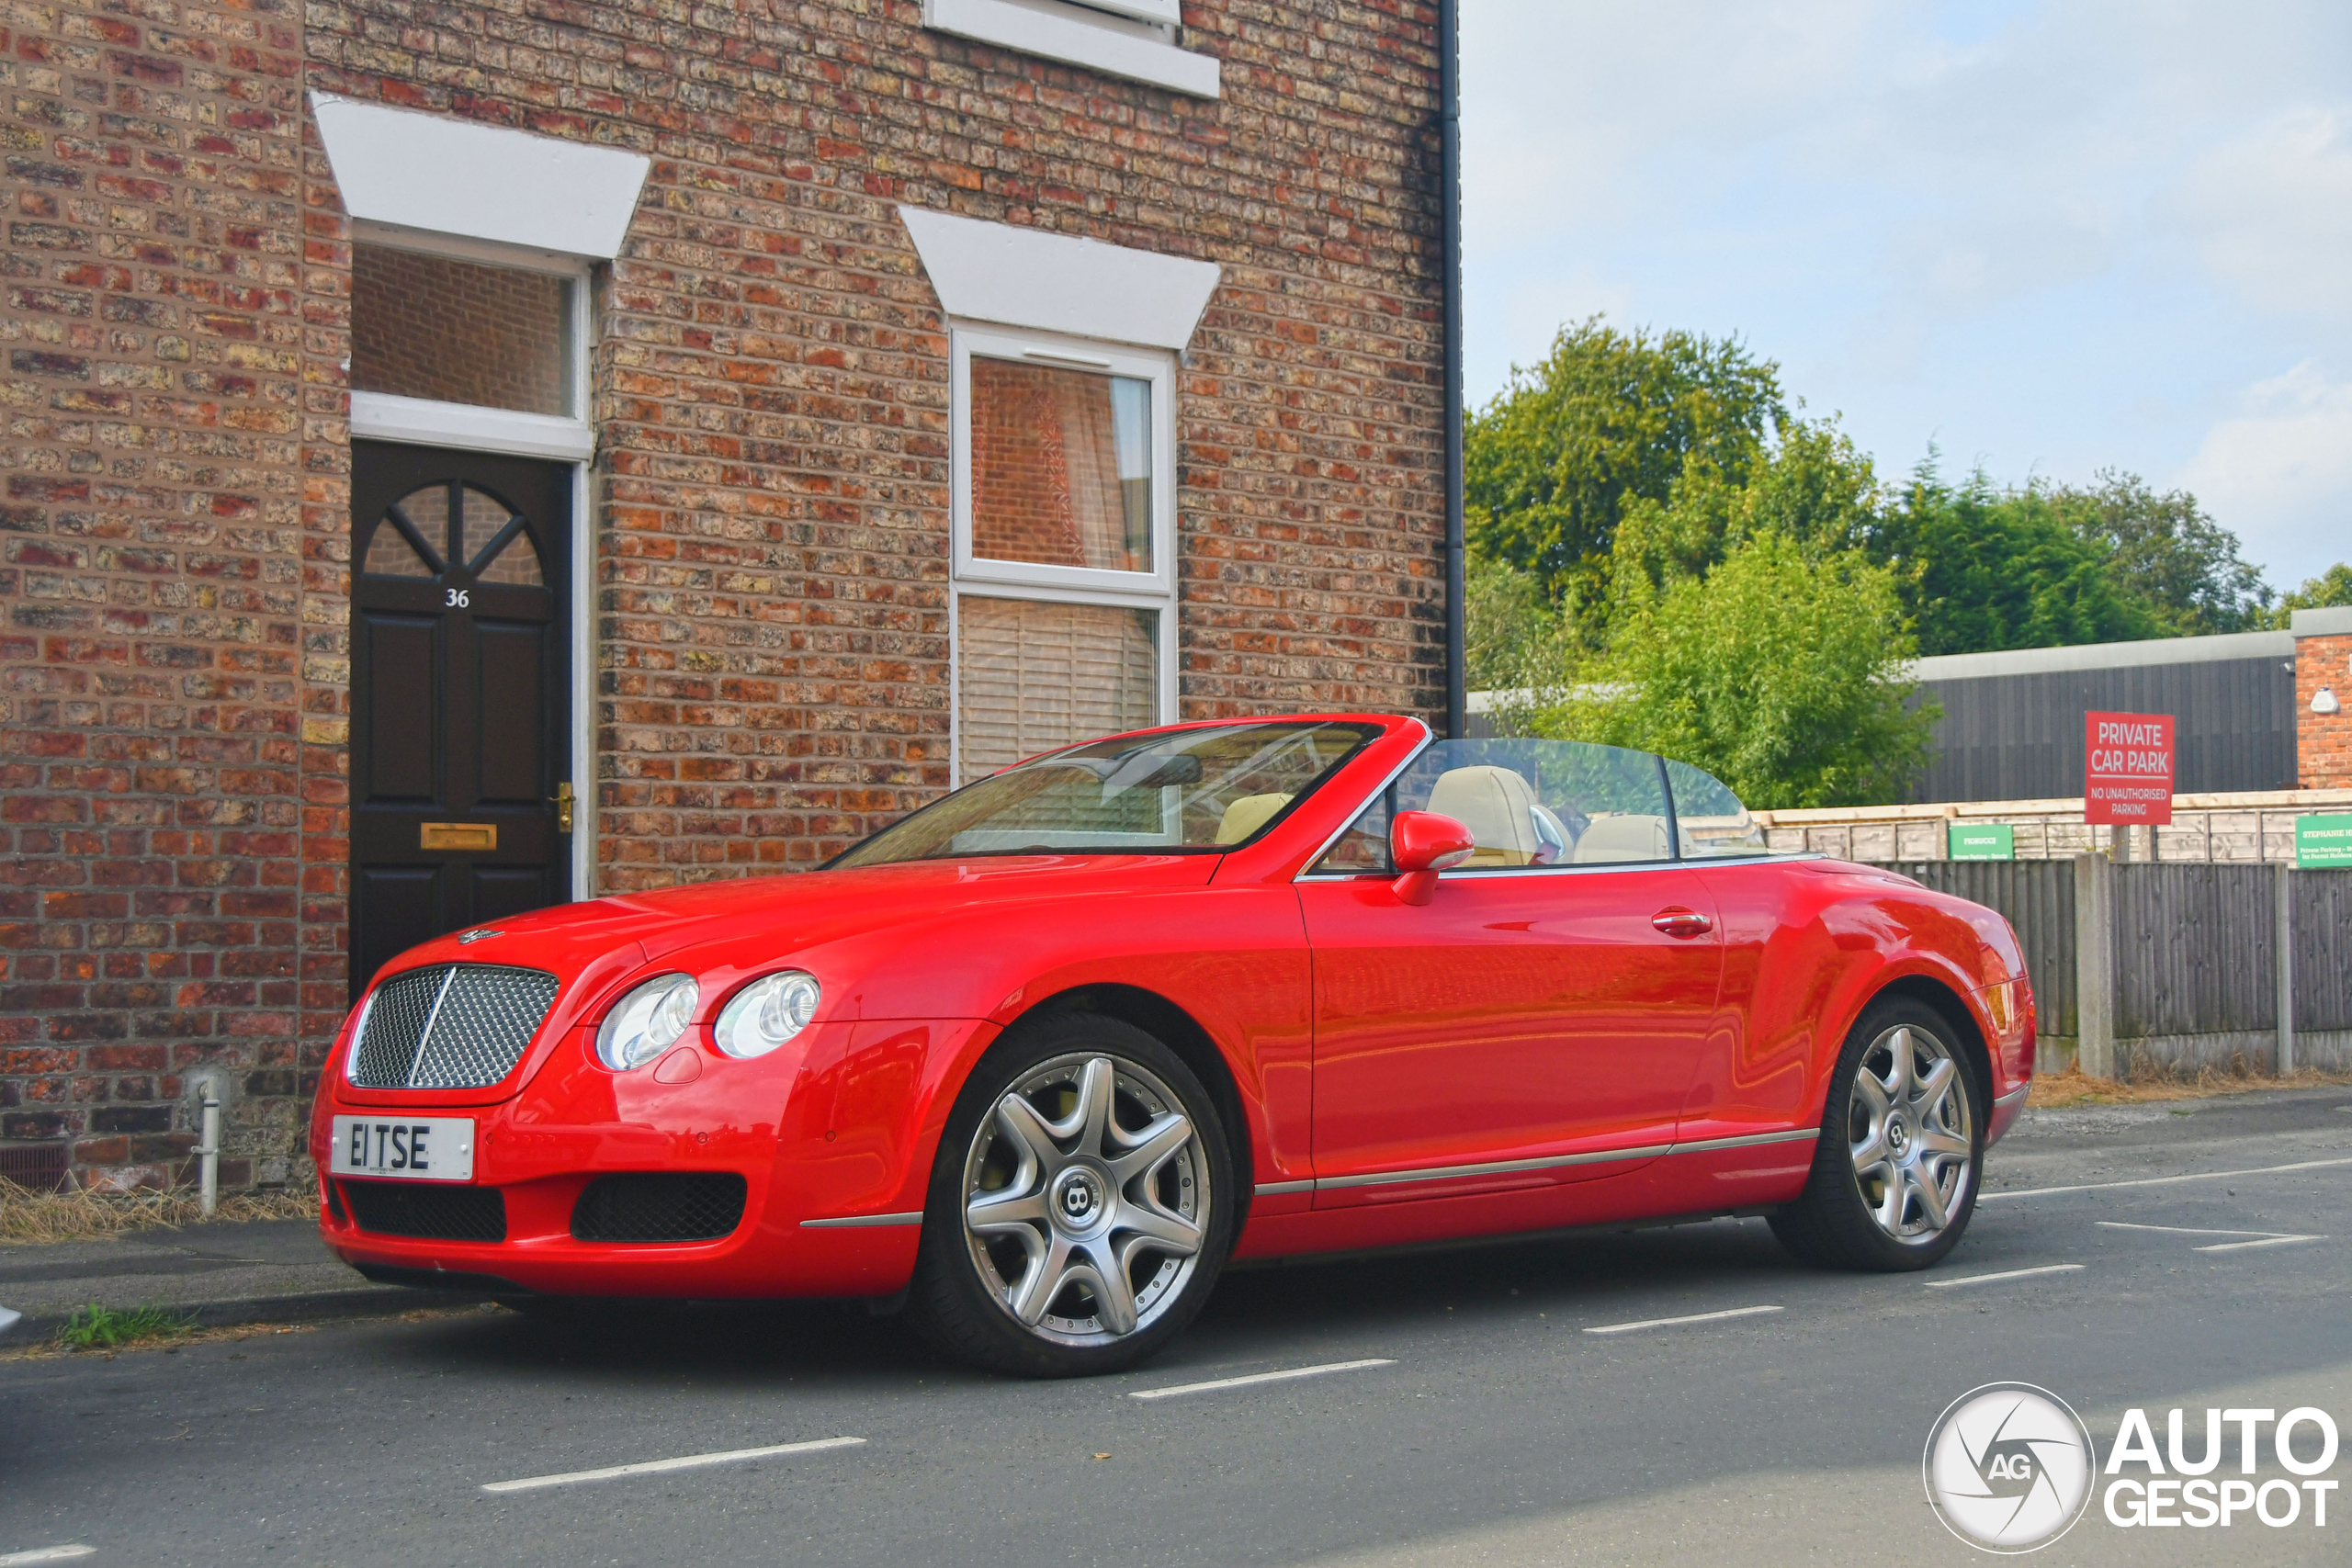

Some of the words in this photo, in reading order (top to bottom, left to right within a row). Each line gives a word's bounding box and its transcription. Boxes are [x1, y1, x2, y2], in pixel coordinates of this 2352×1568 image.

[446, 588, 469, 608] 36
[2098, 722, 2162, 746] PRIVATE
[2091, 749, 2123, 772] CAR
[2127, 750, 2168, 773] PARK
[2091, 787, 2104, 799] NO
[2106, 788, 2166, 800] UNAUTHORISED
[2111, 804, 2146, 815] PARKING
[2302, 829, 2345, 838] STEPHANIE

------

* _YOUR ASSIGNMENT_
Produce the entries above once more, exactly as given, with each picture left out.

* _RESPONSE_
Some of the words in this photo, in reading order (top to bottom, left to right within a row). Each line gives a word's bounding box and its transcription. Boxes are [x1, y1, x2, y2], in pixel coordinates of this 2352×1568 image.

[446, 588, 469, 608] 36
[2098, 722, 2162, 746] PRIVATE
[2091, 749, 2123, 772] CAR
[2127, 750, 2168, 773] PARK
[2091, 787, 2104, 799] NO
[2106, 788, 2166, 800] UNAUTHORISED
[2111, 804, 2146, 815] PARKING
[2302, 829, 2345, 838] STEPHANIE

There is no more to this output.